• EXERCISE: Transcribe every entry word for word. Skip the pictures.

Records drawn from a dataset
========================

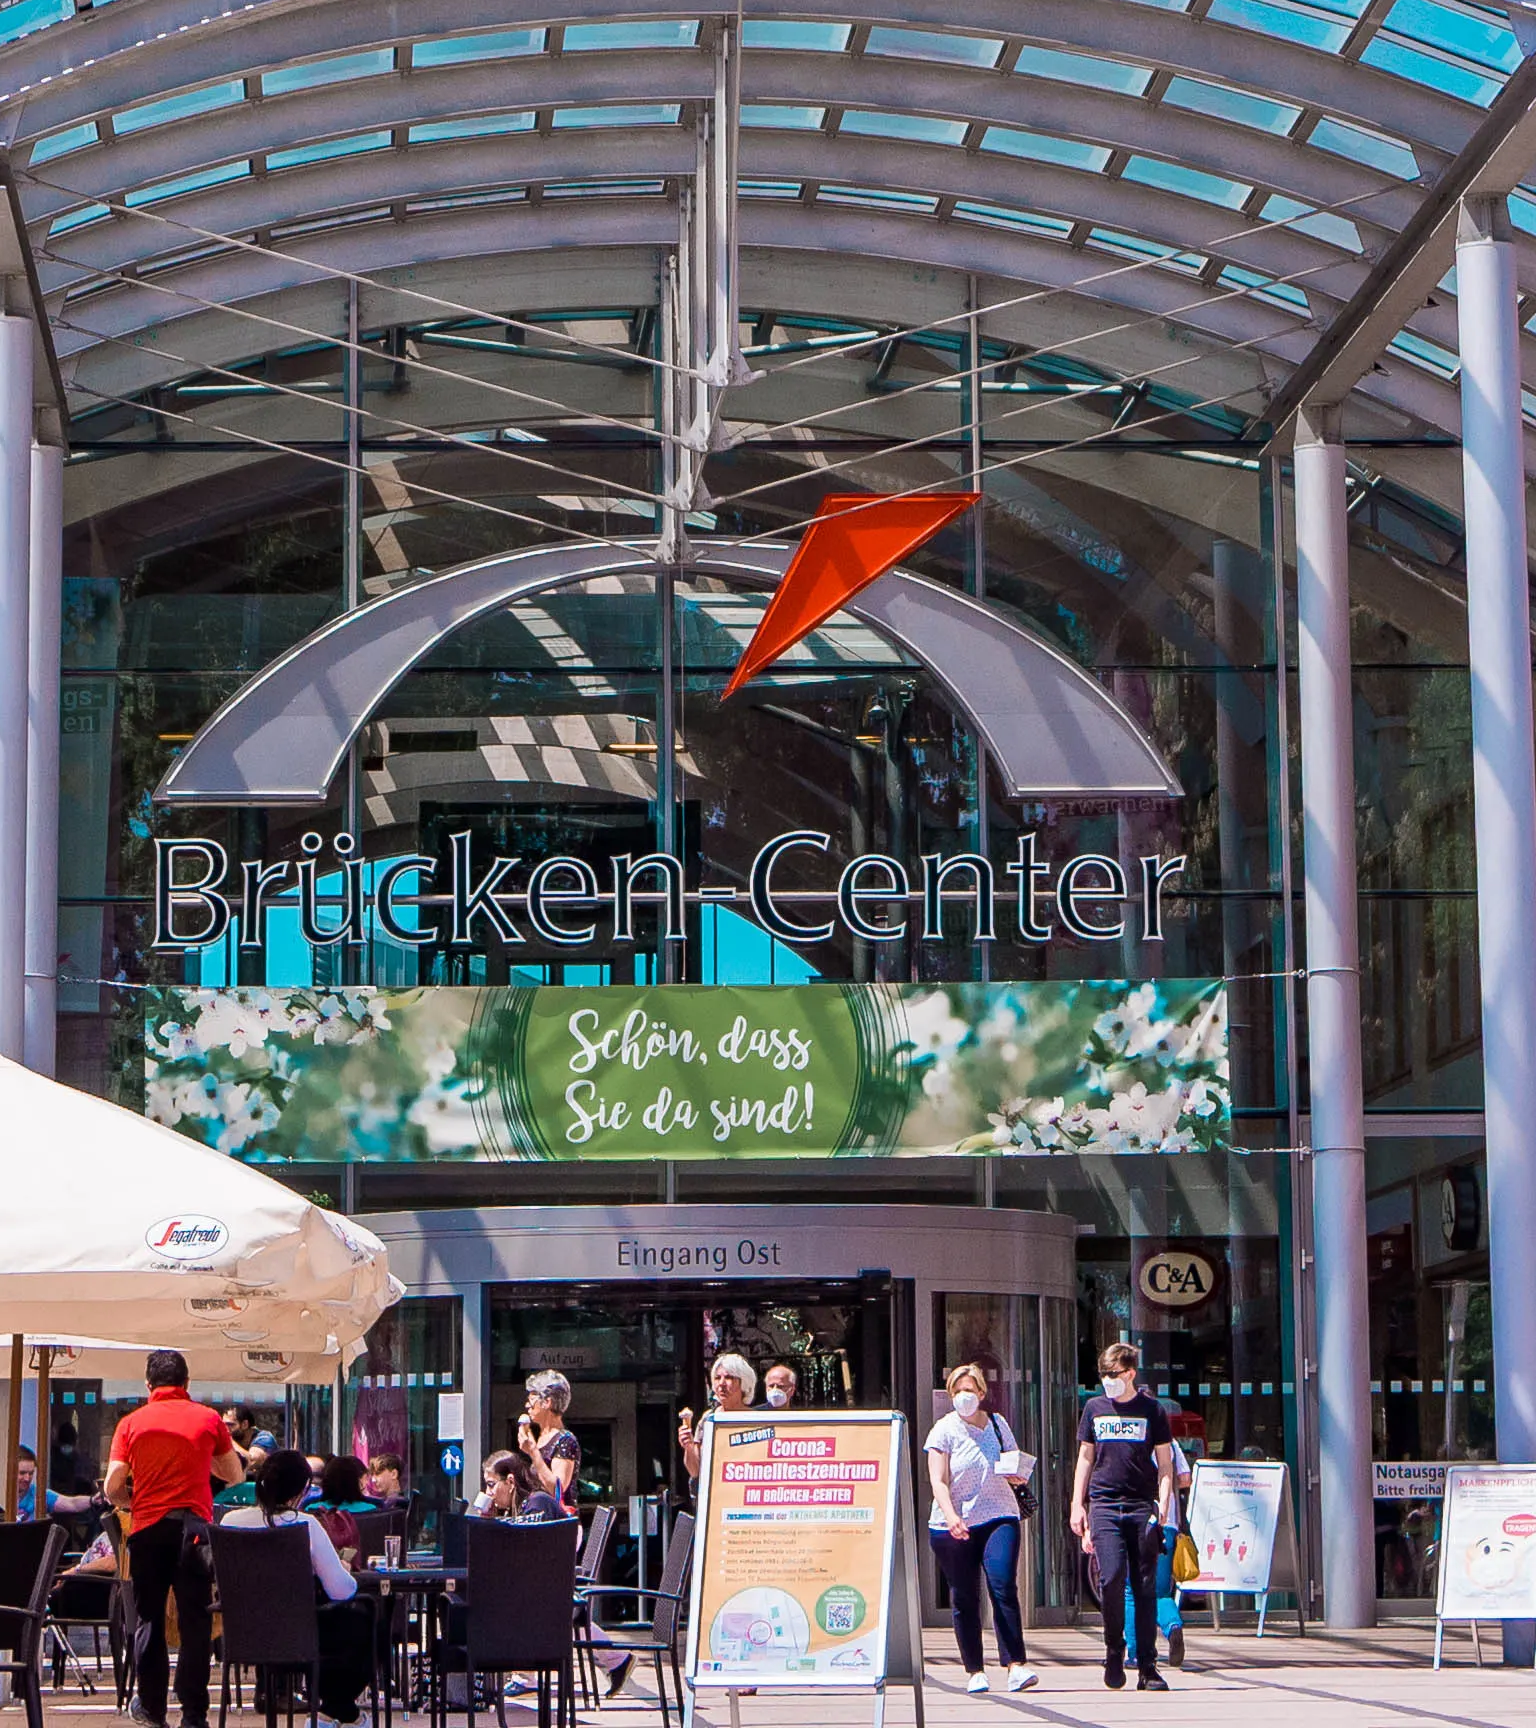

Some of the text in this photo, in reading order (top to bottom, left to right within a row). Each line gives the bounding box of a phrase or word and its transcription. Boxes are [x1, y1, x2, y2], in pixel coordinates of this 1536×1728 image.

[151, 828, 1185, 949] Brücken-Center
[568, 1008, 813, 1073] Schön, dass
[565, 1079, 814, 1144] Sie da sind!
[154, 1221, 222, 1247] Segafredo
[617, 1239, 782, 1272] Eingang Ost
[1147, 1262, 1207, 1294] C&A
[539, 1352, 585, 1366] Aufzug
[1099, 1420, 1134, 1436] snipes
[771, 1439, 832, 1457] Corona-
[725, 1462, 876, 1481] Schnelltestzentrum
[1376, 1464, 1446, 1482] Notausga
[746, 1485, 852, 1503] IM BRÜCKEN-CENTER
[1377, 1484, 1405, 1496] Bitte

========================

• RESPONSE TO THE TASK:
Some of the text in this photo, in reading order (top to bottom, left to right within a row). Each line gives the bounding box of a phrase or word and its transcription. Boxes are [x1, y1, x2, y2], in pixel coordinates of this 1536×1728 image.

[151, 828, 1185, 949] Brücken-Center
[568, 1008, 813, 1073] Schön, dass
[565, 1079, 814, 1144] Sie da sind!
[154, 1221, 222, 1247] Segafredo
[617, 1239, 782, 1272] Eingang Ost
[1147, 1262, 1207, 1294] C&A
[539, 1352, 585, 1366] Aufzug
[1099, 1420, 1134, 1436] snipes
[771, 1439, 832, 1457] Corona-
[725, 1462, 876, 1481] Schnelltestzentrum
[1376, 1464, 1446, 1482] Notausga
[746, 1485, 852, 1503] IM BRÜCKEN-CENTER
[1377, 1484, 1405, 1496] Bitte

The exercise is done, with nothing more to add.